Samuel M. Jenness, PhD
Department of Epidemiology
Rollings School of Public Health
This workshop introduces tools for network-based mathematical modeling of infectious disease transmission dynamics with the EpiModel software package in R (www.epimodel.org). The workshop starts with an overview of modeling methods for infectious diseases and demonstrates why simulating highly structured contact networks is important for investigating many infectious diseases. Participants will learn the statistical methods of exponential random graph models (ERGMs) for modeling and simulating dynamic networks using easy-to-collect empirical data, then how ERGMs are used within EpiModel’s infectious disease simulation engine. We will perform some interactive modeling exercises to fit network models and run epidemic simulations to demonstrate how network, biological, and demographic features impact epidemic trajectories. We will close by showing how EpiModel may be extended to address novel research questions.
Participants are encouraged to bring a laptop with R and Rstudio installed (instructions here: http://statnet.github.io/nme/prep-inst.html; some R package versions may be newer than when this guide was last updated). Some basic prior experience with programming in R may be helpful in getting the most out of the exercises, but it is not a prerequisite as workshop code can be run by R beginners. Additionally, while the content is focused on infectious disease, the same methods may be used to model social diffusion and related “contagion” processes across networks, so those interested in agent-based modeling more broadly are encouraged to attend.
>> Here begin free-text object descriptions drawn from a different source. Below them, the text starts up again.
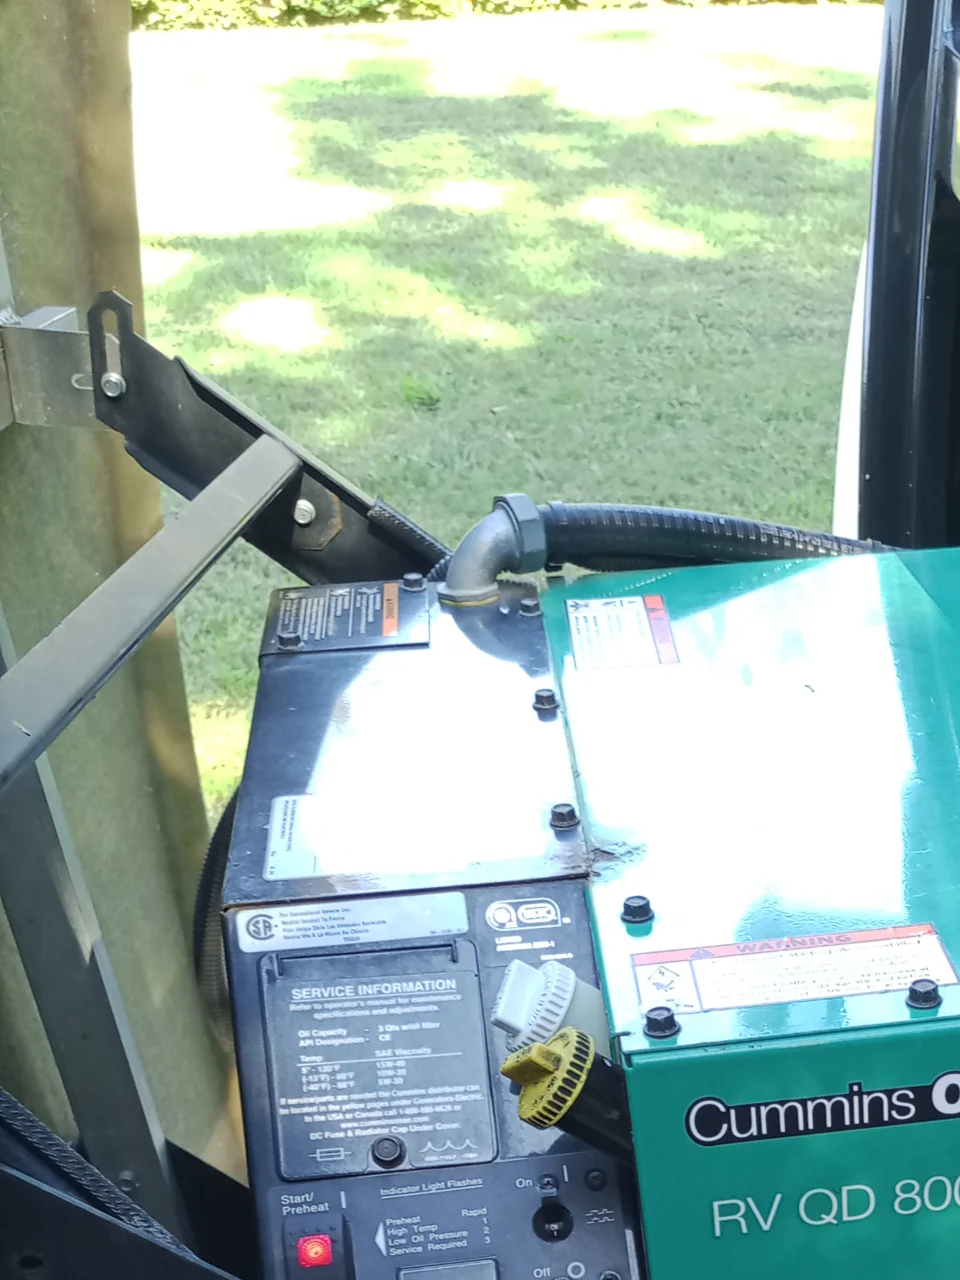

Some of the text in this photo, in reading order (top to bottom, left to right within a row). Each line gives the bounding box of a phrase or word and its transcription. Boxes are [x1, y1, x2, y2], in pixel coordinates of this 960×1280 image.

[736, 934, 852, 953] WARNING
[291, 979, 457, 1000] SERVICE INFORMATION
[289, 1003, 312, 1011] Refer
[323, 1000, 365, 1010] operator's
[366, 998, 397, 1006] manual
[410, 994, 462, 1003] maintenance
[313, 1009, 371, 1020] specifications
[371, 1007, 388, 1016] and
[298, 1029, 311, 1037] Oil
[311, 1028, 348, 1037] Capacity
[298, 1038, 314, 1047] API
[315, 1036, 365, 1046] Designation
[378, 1033, 392, 1041] CE
[299, 1046, 433, 1063] Temp SAE Viscosity
[391, 1088, 427, 1097] Cummins
[427, 1086, 465, 1095] distributor
[290, 1105, 319, 1114] located
[341, 1102, 366, 1112] yellow
[687, 1084, 916, 1143] Cummins
[327, 1112, 344, 1121] USA
[354, 1110, 384, 1119] Canada
[309, 1132, 324, 1140] DC
[324, 1131, 346, 1139] Fuse
[354, 1126, 390, 1137] Radiator
[391, 1125, 409, 1134] Cap
[409, 1124, 434, 1132] Under
[435, 1122, 462, 1130] Cover.
[380, 1177, 483, 1196] Indicator Light Flashes
[515, 1178, 533, 1189] On
[280, 1191, 314, 1205] Start/
[282, 1202, 330, 1216] Preheat
[461, 1207, 487, 1218] Rapid
[711, 1193, 782, 1237] RV
[799, 1184, 876, 1226] QD
[386, 1216, 421, 1226] Preheat
[387, 1224, 490, 1237] High Temp 2
[388, 1230, 491, 1247] Low Oil Pressure 3
[389, 1240, 468, 1257] Service Required
[533, 1267, 551, 1279] Off
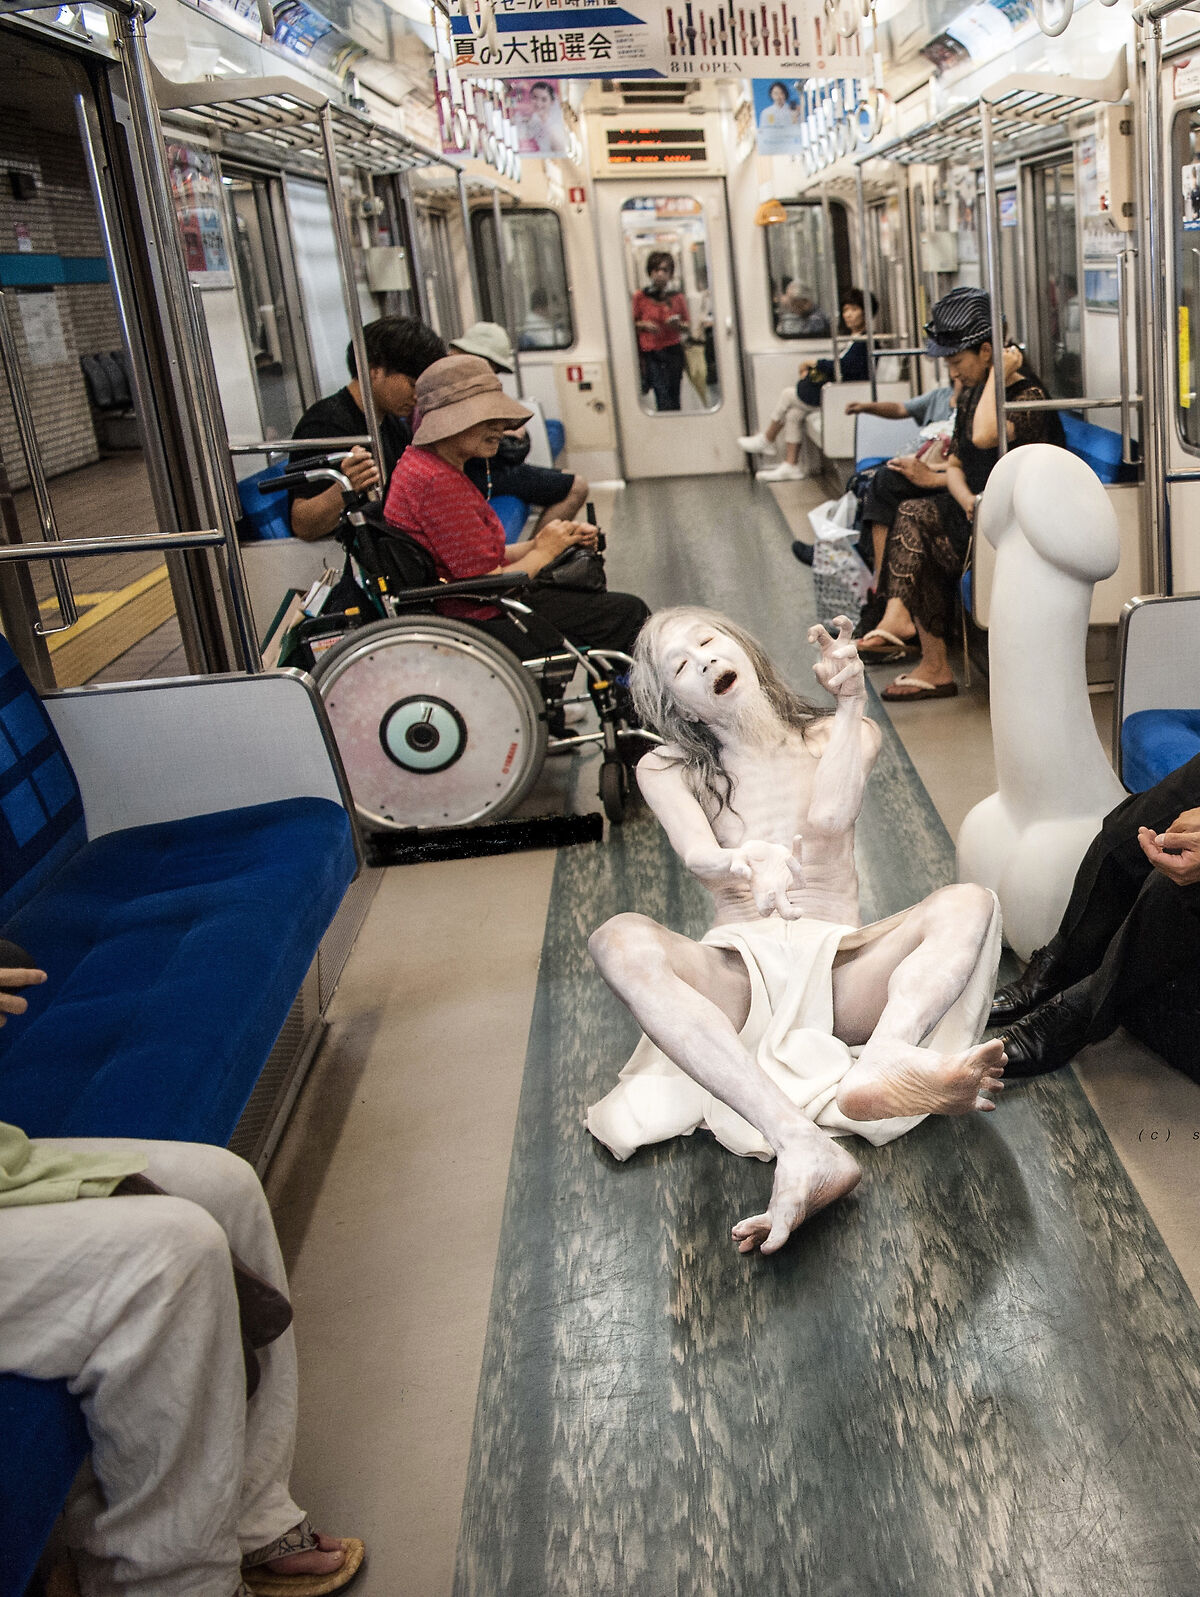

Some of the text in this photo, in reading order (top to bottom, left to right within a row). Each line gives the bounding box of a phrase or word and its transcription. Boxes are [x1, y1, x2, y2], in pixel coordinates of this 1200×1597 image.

Samuel Jenness, PhD, is an Assistant Professor in the Department of Epidemiology at the Rollins School of Public Health at Emory University. He is the Principal Investigator of the EpiModel Research Lab, funded by the National Institutes of Health and the Centers for Disease Control and Prevention. The goals of his research are to develop epidemiological methods and software tools for mathematical modeling of infectious diseases across dynamic contact networks. His lab applies these tools to quantify the drivers of ongoing HIV/STI transmission dynamics and to project the impact of novel disease prevention strategies in the United States and globally. He received his PhD in Epidemiology at the University of Washington.